If you're answering these questions in your head while tying an apron, your production planning has a gap.
What production planning means for a micro-bakery
Production planning at a commercial bakery means scheduling thousands of loaves across automated production lines. At a micro-bakery — 1-2 people, a rented commercial kitchen or a home kitchen under the Food Standards Agency registration process — it means knowing three things before you start mixing:
- What to bake today — orders, regular stock, market prep
- Whether you have everything you need — ingredients, packaging, labels
- How long each item takes — oven scheduling, rise times, cooling, decoration
Get these right and your production day runs smoothly. Get them wrong and you're driving to the wholesaler at 6am for butter or throwing out dough because you double-booked the oven.

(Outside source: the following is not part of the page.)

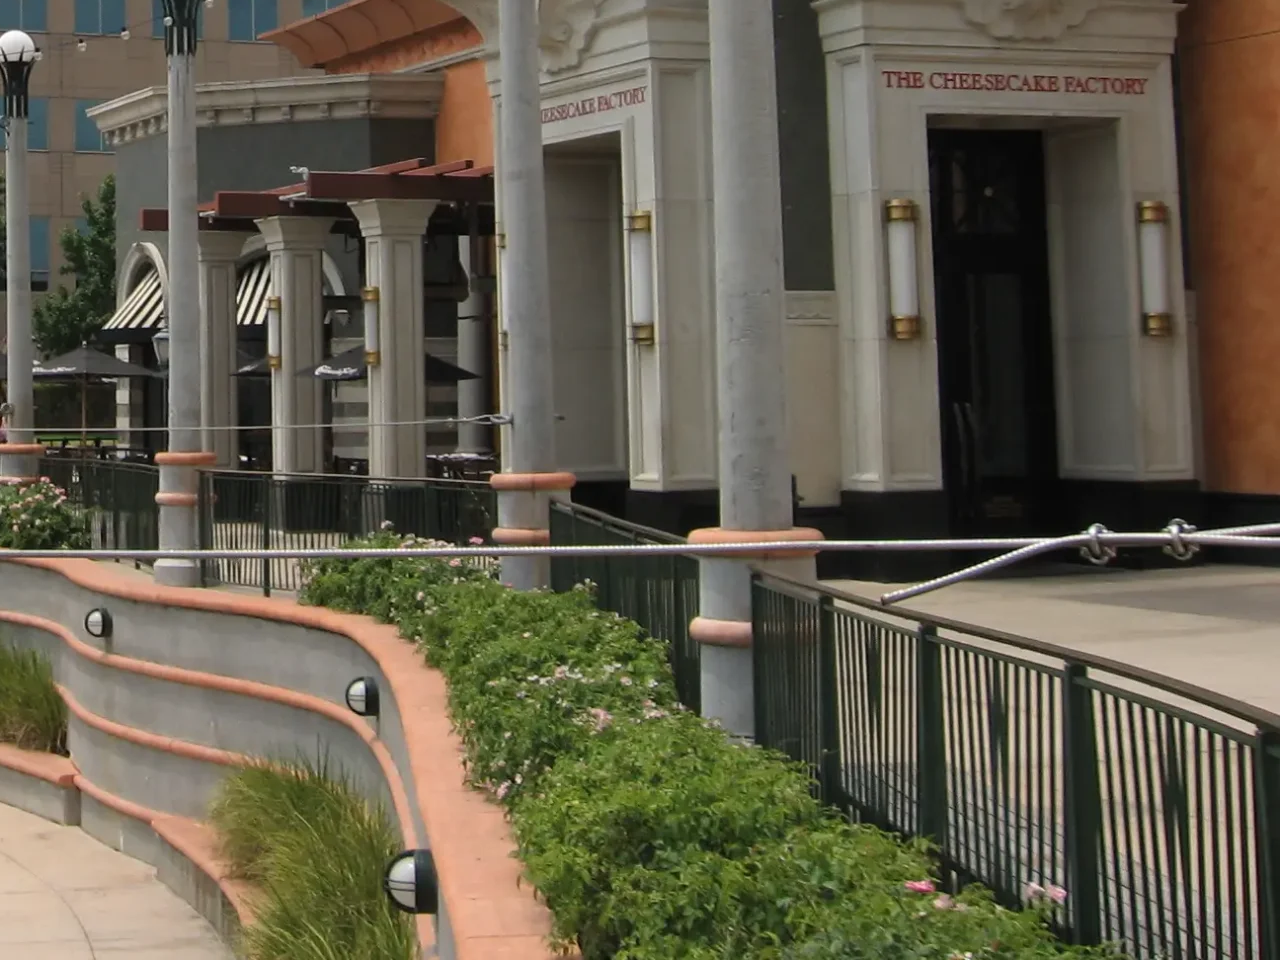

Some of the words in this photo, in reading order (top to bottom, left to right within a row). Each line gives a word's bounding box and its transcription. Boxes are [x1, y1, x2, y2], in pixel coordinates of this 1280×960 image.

A practical production planning method
The evening before (15 minutes):
- Pull tomorrow's orders. Check Etsy, Shopify, email, and your order notebook. List every item and quantity.
- Add standing production. Regular items you bake regardless of orders — your Saturday market batch, your café wholesale delivery.
- Check ingredients. For each recipe, check your stock. Flag anything running low.
- Sequence the work. Put the longest-lead items first. If sourdough needs 12 hours of proofing, that goes on the list before anything else. Layer your oven schedule: bread first (highest temperature), then pastries, then cakes.
Morning production (the bake list):
Your bake list is the single sheet that drives your morning. It should show:
| Time | Item | Quantity | Key ingredients | Oven temp/time |
|---|---|---|---|---|
| 4:00 | Shape sourdough (bulk proofed overnight) | 6 loaves | — | 240°C / 35 min |
| 4:15 | Mix cinnamon roll dough | 12 rolls | 750g strong flour, 80g butter | — |
| 5:00 | Sourdough in oven | — | — | 240°C / 35 min |
| 5:15 | Roll + fill cinnamon rolls | — | 100g brown sugar, cinnamon | — |
| 5:40 | Cinnamon rolls proof | — | — | 45 min |
| 5:45 | Start birthday cake sponges | 3 cakes | 6 eggs, 300g SR flour | 170°C / 25 min |
| 6:25 | Cinnamon rolls in oven | — | — | 190°C / 20 min |
This is the level of detail that keeps a micro-bakery running without stress. It's not complicated — it's just written down instead of stored in your head.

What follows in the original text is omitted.